They entered, his arm round her waist. The room smiled upon them its
quiet welcome; and Alice, whose heart had not half vented its fulness,
sat down to the instrument still to "talk love" in her own way.
But it was Saturday evening. Now every Saturday, Maltravers received
from the neighbouring town the provincial newspaper--it was his only
medium of communication with the great world. But it was not for that
communication that he always seized it with avidity, and fed on it with
interest. The county in which his father resided bordered on the shire
in which Ernest sojourned, and the paper included the news of that
familiar district in its comprehensive columns. It therefore satisfied
Ernest's conscience and soothed his filial anxieties to read from time
to time that "Mr. Maltravers was entertaining a distinguished party of
friends at his noble mansion of Lisle Court;" or that "Mr. Maltravers's
foxhounds had met on such a day at something copse;" or that, "Mr.
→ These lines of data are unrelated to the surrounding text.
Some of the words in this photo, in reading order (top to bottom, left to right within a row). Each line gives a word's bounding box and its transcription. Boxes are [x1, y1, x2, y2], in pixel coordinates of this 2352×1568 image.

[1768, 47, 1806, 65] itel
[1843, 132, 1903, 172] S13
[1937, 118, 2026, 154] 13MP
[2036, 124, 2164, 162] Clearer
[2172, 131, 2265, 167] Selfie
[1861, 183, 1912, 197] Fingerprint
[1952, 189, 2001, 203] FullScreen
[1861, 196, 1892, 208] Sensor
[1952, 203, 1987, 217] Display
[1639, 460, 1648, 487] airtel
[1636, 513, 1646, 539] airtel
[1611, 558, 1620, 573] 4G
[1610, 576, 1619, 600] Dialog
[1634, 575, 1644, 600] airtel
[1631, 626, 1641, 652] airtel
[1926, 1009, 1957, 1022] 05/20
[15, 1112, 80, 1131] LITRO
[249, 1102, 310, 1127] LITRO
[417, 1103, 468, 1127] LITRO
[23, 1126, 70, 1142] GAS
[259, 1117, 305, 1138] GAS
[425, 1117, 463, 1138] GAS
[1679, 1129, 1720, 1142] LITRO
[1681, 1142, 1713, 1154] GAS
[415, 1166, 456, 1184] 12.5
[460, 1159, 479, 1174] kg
Maltravers, with his usual munificence, had subscribed twenty guineas to
the new county gaol." . . . And as now Maltravers saw the expected paper
laid beside the hissing urn, he seized it eagerly, tore the envelope,
and hastened to the well-known corner appropriated to the paternal
district. The very first words that struck his eye were these:
ALARMING ILLNESS OF MR. MALTRAVERS.
"We regret to state that this exemplary and distinguished gentleman was
suddenly seized on Wednesday night with a severe spasmodic affection.
Dr. ------ was immediately sent for, who pronounced it to be gout in the
stomach. The first medical assistance from London has been summoned.
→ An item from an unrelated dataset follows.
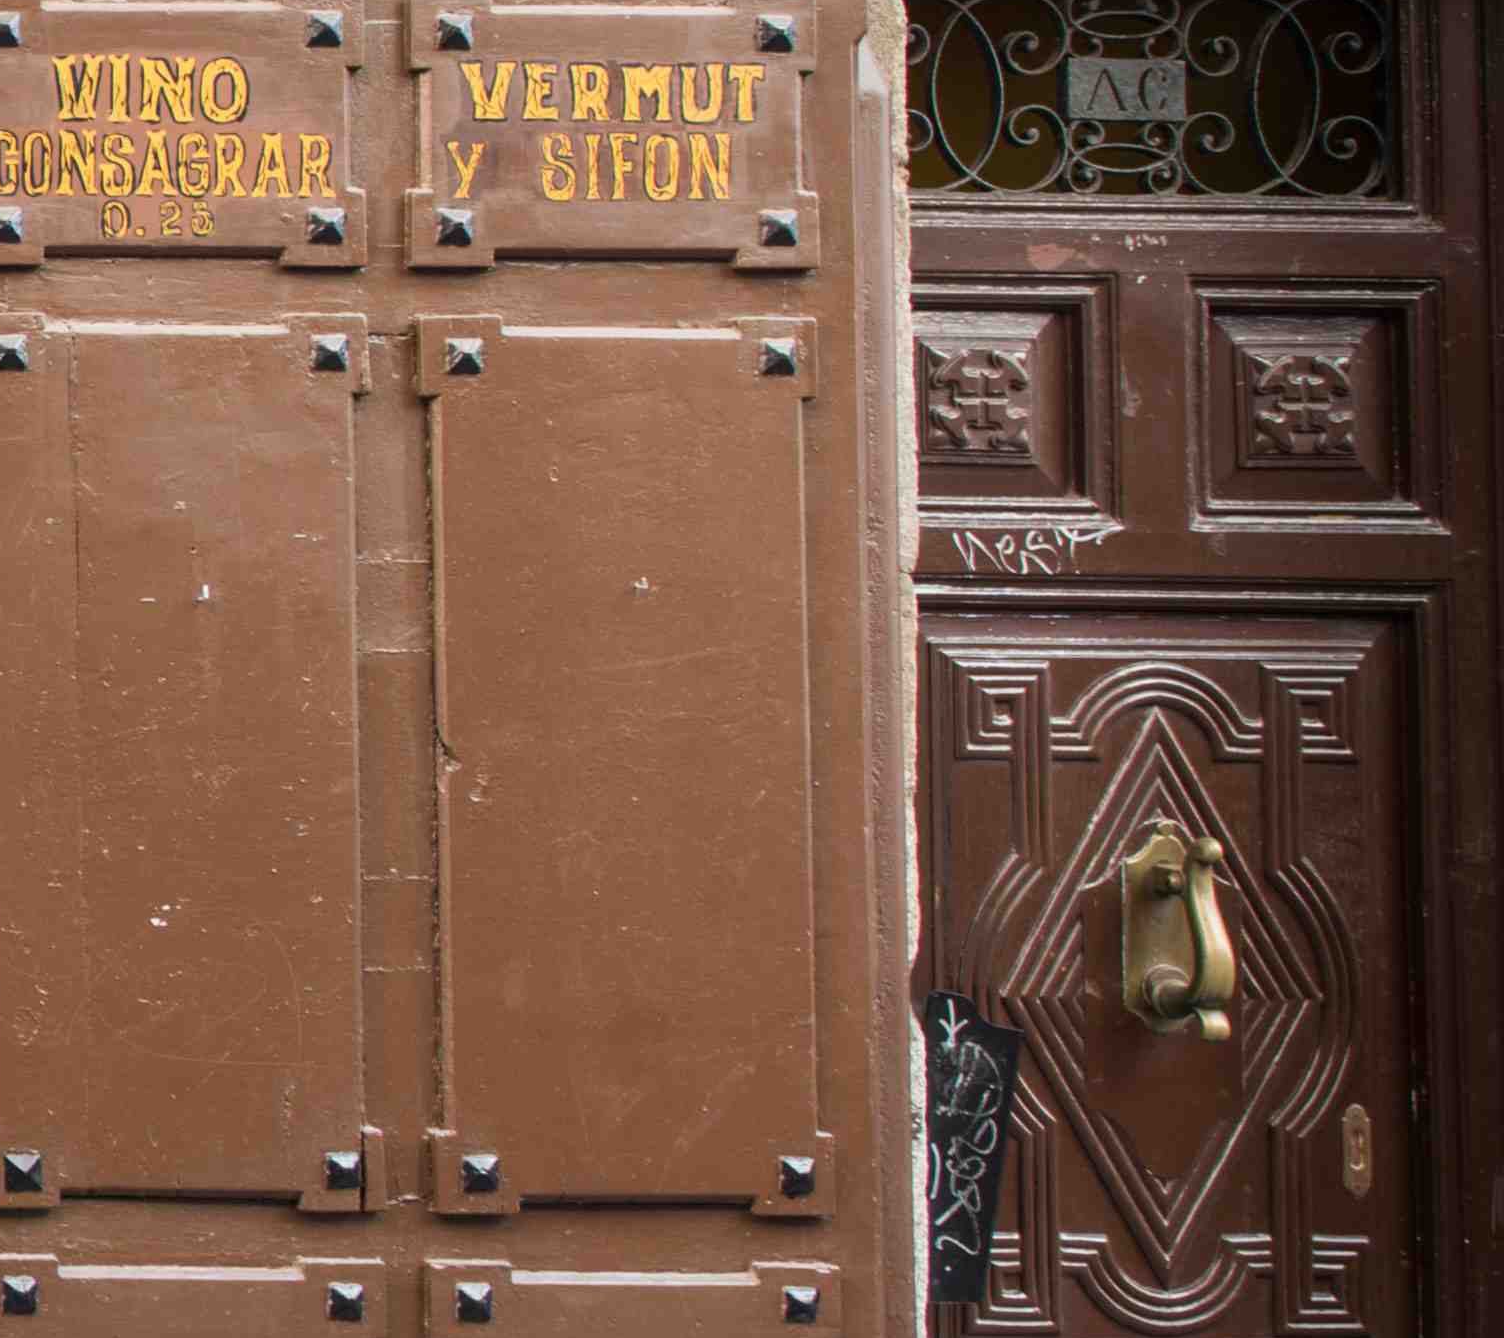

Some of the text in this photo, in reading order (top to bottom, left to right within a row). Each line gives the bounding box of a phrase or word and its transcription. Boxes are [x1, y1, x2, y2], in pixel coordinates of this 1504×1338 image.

"Postscript.--We have just learned, in answer to our inquiries at Lisle
Court, that the respected owner is considerably worse: but slight hopes
are entertained of his recovery. Captain Maltravers, his eldest son and
heir, is at Lisle Court. An express has been despatched in search of
Mr. Ernest Maltravers, who, involved by his high English spirit in some
dispute with the authorities of a despotic government, had suddenly
disappeared from Gottingen, where his extraordinary talents had highly
distinguished him. He is supposed to be staying at Paris."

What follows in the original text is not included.